Excerpts from Jim Collins’ Good to Great1
Not all optimists are the same. Stockdale survived the PoW camp because, while he was always optimistic about eventually getting out, he knew the short-term could be brutal.
The Stockdale Paradox provides two relevant lessons for investors:
- Unwavering faith: Stockdale emphasized the importance of maintaining unwavering faith in your ultimate success. This means believing that, over the long term, you will achieve your goals as an investor, even in the face of adversity and challenges.
- Confronting reality: Stockdale also emphasized the necessity of confronting the harsh realities of your current situation. Investors must recognize and accept the risks and uncertainties inherent in financial markets. Ignoring or downplaying these realities can lead to sub-optimal outcomes.
Many of the investors excited about the prospects of investing in small and mid-caps currently are akin to the PoWs hoping to get out by Christmas. Their optimism isn’t driven by their unwavering faith in the long-term Indian economic growth story. It is driven more by FOMO and the hope of making a quick buck. Lot of their optimism just seems to stem from the halo of the strong returns of the last few months. We wonder if the Indian economic situation has materially changed in the last 6 months for this newfound optimism. Even in March 2023, the Indian economy was performing quite well, but this optimism was absent.
These investors are probably also not aware of the harsh realities of the small and midcap segment. This space often experiences swift 30%+ drawdowns at the index levels and more at the individual stock level. Investors who have woken up to the opportunities in this space may not have the stomach to tolerate this level of volatility. Capital flows in this space can be highly cyclical and can bring down stock prices faster than they rise. Bullish periods like these also witness the emergence of many dodgy companies seeking to trap gullible investors. These can be massive wealth destroyers when the party ends. The small and midcap index itself can have elongated periods of zero returns, as observed in the 2017 to 2021 period.

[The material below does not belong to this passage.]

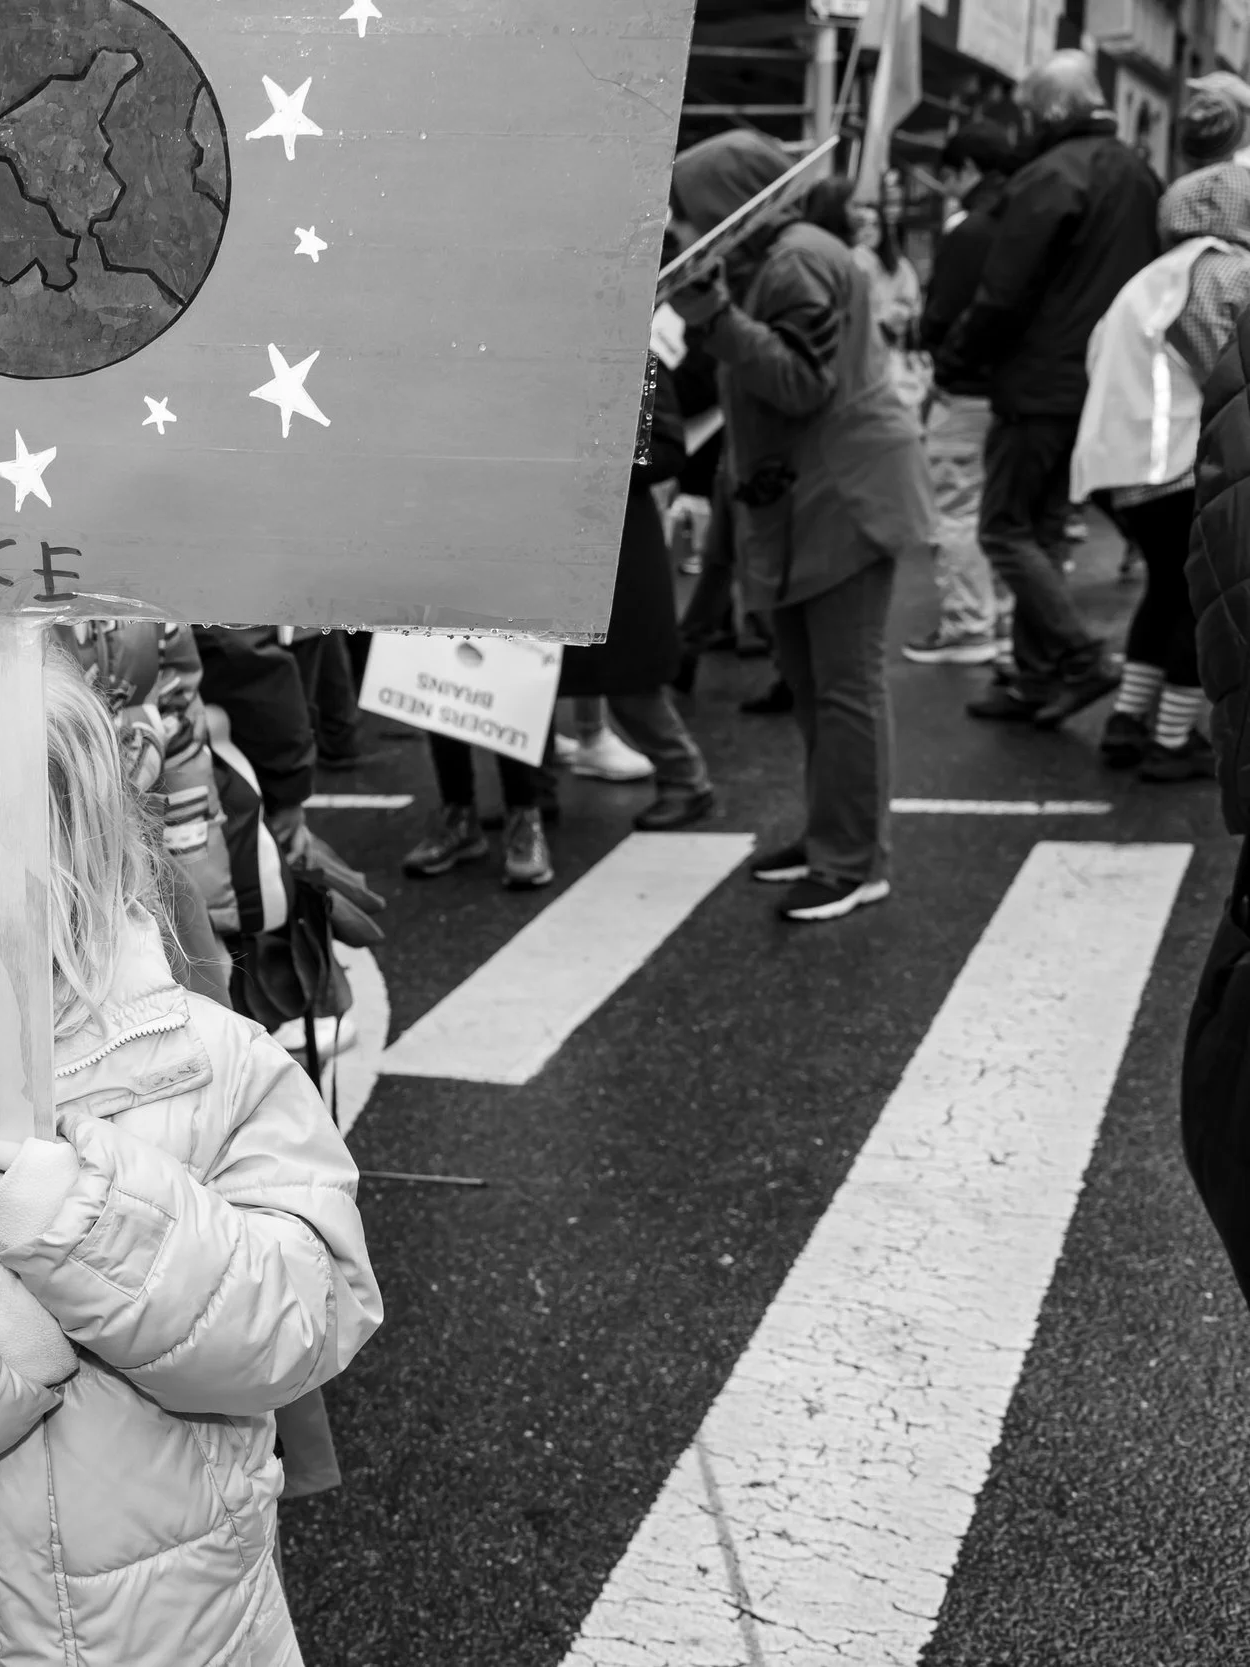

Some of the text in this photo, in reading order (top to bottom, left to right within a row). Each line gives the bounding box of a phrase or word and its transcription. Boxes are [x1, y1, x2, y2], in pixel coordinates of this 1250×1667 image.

[417, 672, 495, 709] BRAINS
[378, 687, 528, 749] LEADERS NEED

Those hoping for an early Christmas by investing in the equity markets are most likely to lose faith if the market returns disappoint in the short term. There will be several explanations then to justify selling their stocks/mutual funds – interest rates, economy, geo-politics, valuations, capital flows, elections, etc. The fate of these investors would be analogous to those PoWs who died of a broken heart because they were only short-term optimists.
To survive and succeed like Jim Stockdale, we need to hope for the best but also be prepared for the worst. That would necessitate keeping the faith even if economic growth slows, some macro indicators weaken or capital flows turn negative. It is easy to be an optimist when the portfolio is hitting new highs, but we must retain our optimism even when stock prices are falling.
Investors often get caught up in short-term market fluctuations and noise. The Stockdale Paradox underscores the importance of maintaining faith in the long-term prospects of your investments. This perspective can help prevent knee-jerk reactions to market volatility. By confronting the brutal facts of the market, investors can avoid the trap of overconfidence and make more measured choices.
These choices include investing with a margin of safety, not succumbing to FOMO, and avoiding bad businesses that may be benefitting from short-term tailwinds.
Most successful investors exhibit the traits demonstrated by Jim Stockdale. For those in India, the faith in the long-term structural growth in the Indian economy acts as a guiding north star. They stay committed to their strategies and tolerate short-term fluctuations, just as Stockdale endured years of hardship. In the world of investing, where uncertainty is the only certainty, the Stockdale Paradox is a valuable parable to remember.